TASK PROMPT: Your reply should hold every entry below exactly as written and none of the pictures.

BEGIN AVAILABLE RECORDS

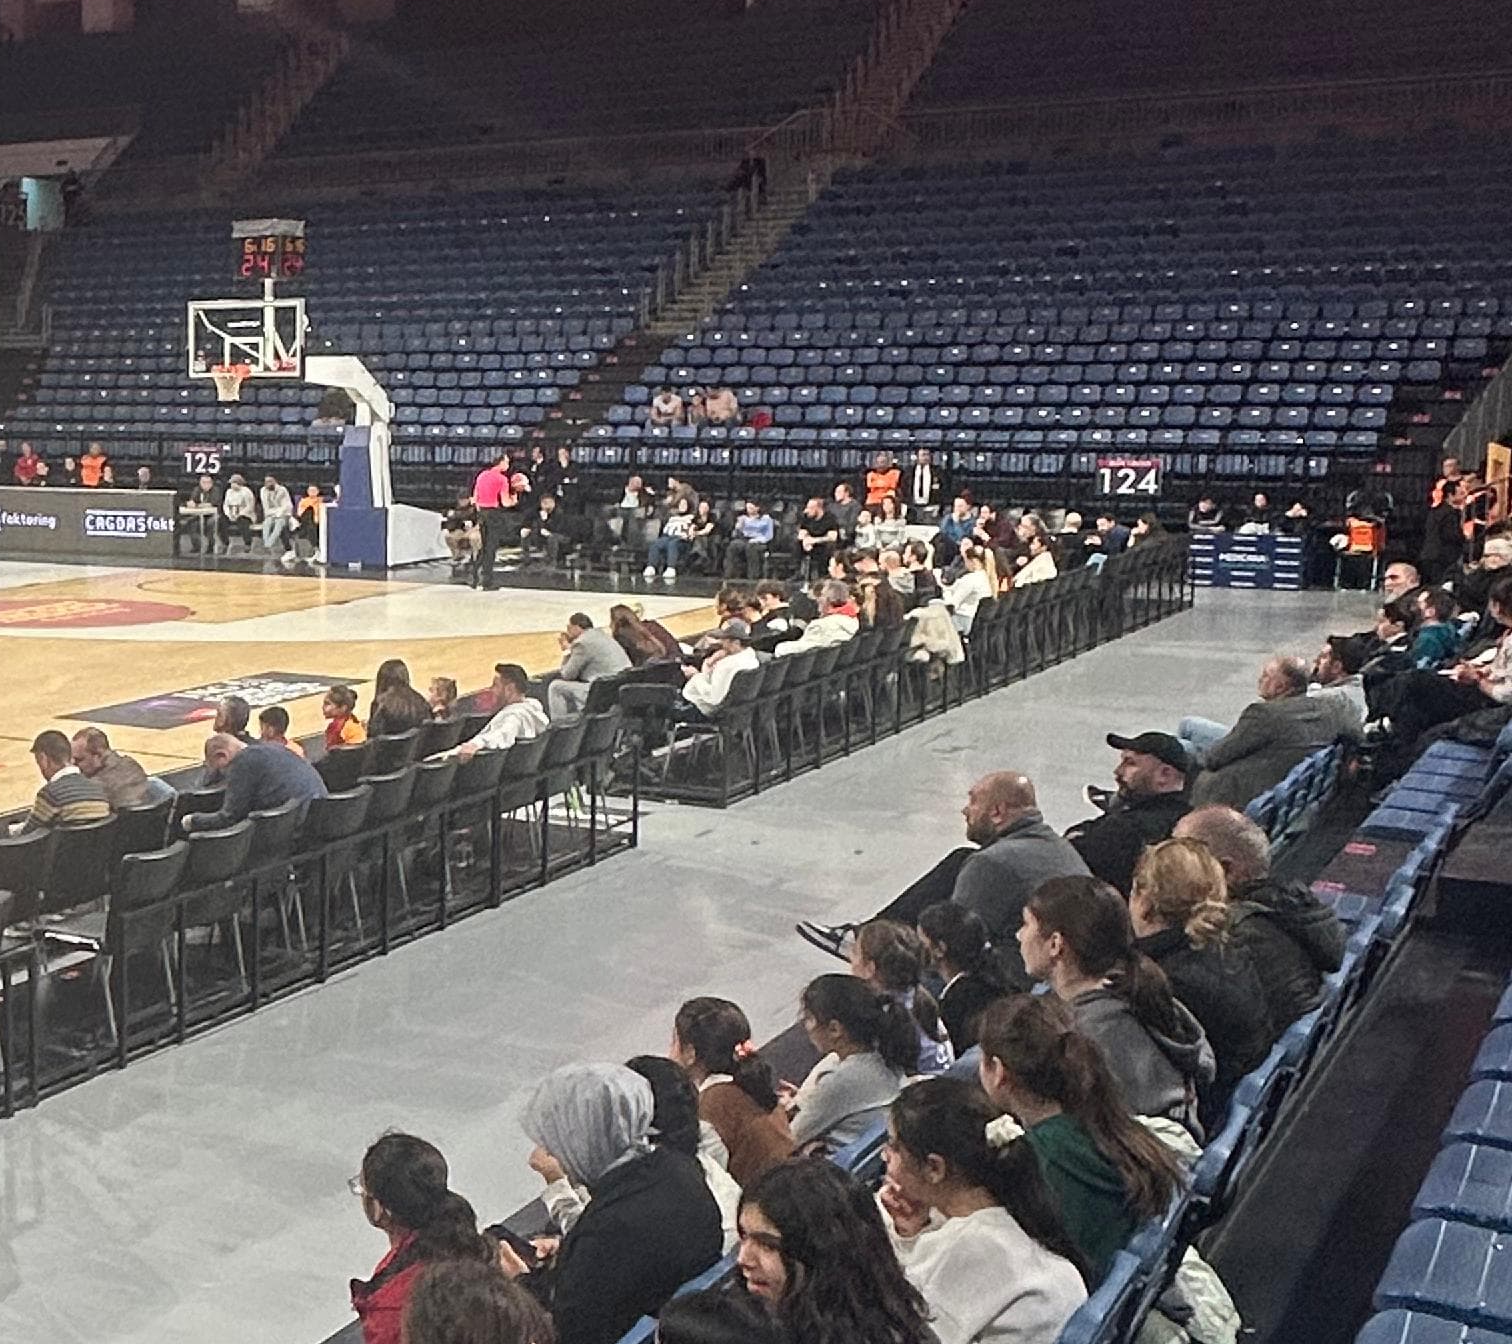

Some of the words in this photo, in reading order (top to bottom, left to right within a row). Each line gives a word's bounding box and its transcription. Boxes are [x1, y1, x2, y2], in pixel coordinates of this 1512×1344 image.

[242, 255, 270, 276] 24
[184, 452, 221, 473] 125
[1099, 467, 1159, 494] 124
[85, 515, 147, 532] CAGDAS

END AVAILABLE RECORDS

SOLUTION BELOW:
Some of the words in this photo, in reading order (top to bottom, left to right within a row). Each line gives a word's bounding box and its transcription. Boxes are [x1, y1, x2, y2], in pixel coordinates of this 1512×1344 image.

[242, 255, 270, 276] 24
[184, 452, 221, 473] 125
[1099, 467, 1159, 494] 124
[85, 515, 147, 532] CAGDAS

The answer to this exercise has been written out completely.